There are many rooms that are constructed for us, like the classroom for instance, and there are many rooms that we take part in constructing. Like the family. Or like this room for instance. How have you helped to create this room? With the way you smile. With the way you refuse to smile if you’re not feeling happy. Perhaps this is one of those rooms where you can just show up feeling the way you’re feeling, instead of putting on your game face. Alright I’m ready for those Zen people now, where are they?

Number One Son
There are so many places in a room. One of those places is about commitment. Another place in the room, in every room I walk into, there’s a place that’s reserved for what I like to call Number One Son. It might also be called Number One Daughter. This is the person who helps the parent, who is always dutiful and loyal, always wanting to pitch in, to make it OK. Even when the parent is wrong, number one daughter says: that’s OK. Even when the parent is hurting them number one son says: no problem dad, you’re the greatest. It is a place of unconditional love. It’s a place of deep acceptance, I accept you. I accept you even when you’re not at your best, even though I’ve seen you do the worst possible things I still accept you, that can be a very powerful force. Perhaps you’ve sat in that spot in the room, in one of your rooms.

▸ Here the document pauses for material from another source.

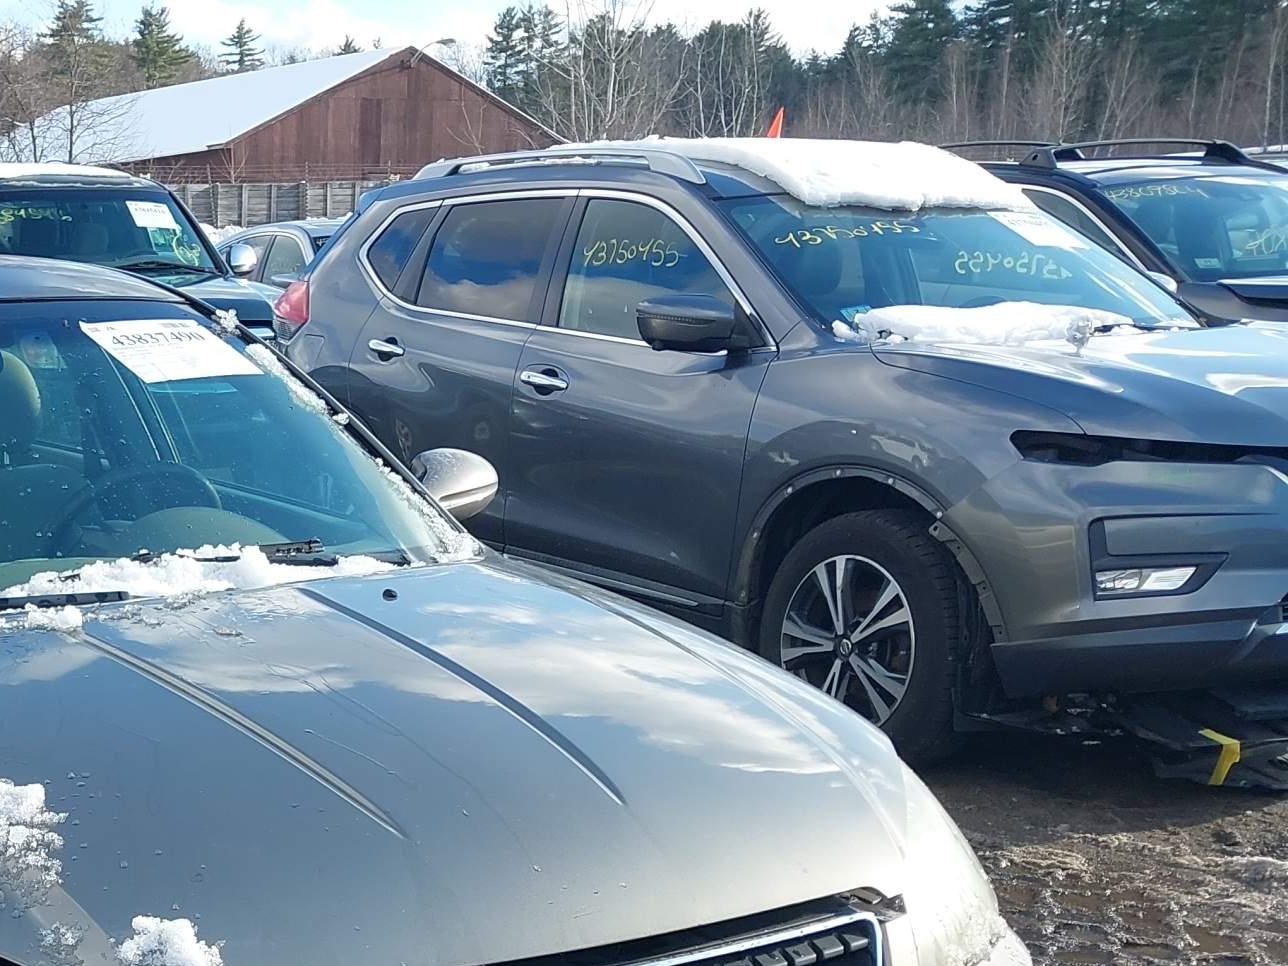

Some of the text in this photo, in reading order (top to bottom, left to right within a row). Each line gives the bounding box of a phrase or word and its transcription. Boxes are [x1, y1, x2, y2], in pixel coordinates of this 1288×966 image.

[774, 220, 920, 248] 43750455
[583, 239, 688, 267] 43750455
[112, 331, 206, 346] 43837490

Often rooms have certain roles that need to be fulfilled. In this room we mark time with a bell, and that means there’s a role for someone who is going to ring that bell. In other rooms, like the rooms of family for instance, there are different kinds of roles, the roles of mother and father for instance. Perhaps some of you are busy fulfilling those roles. It can be difficult, sometimes, when we step back into the rooms of our family, if our parents aren’t sitting in their usual places. My friend Laura told me recently that she goes with her father on trips out of town, or to go see musicals. Her father used to travel with his wife, but she died, so Laura has stepped into her place. I asked: did that turn you into your mother? Not at all, she assured me, in fact, she could be more herself, because her mother was intimidated by her, and as a result, Laura tried to keep herself small. Often in the family we like to use these special pills that allow us to change sizes, and the pill is called fear. Fear makes us smaller, it’s the exhale, while anger is the inhale that makes us larger, and they work together. Laura was always uncomfortable, even angry, in the room of her family, because the place where she was supposed to sit was too small for her.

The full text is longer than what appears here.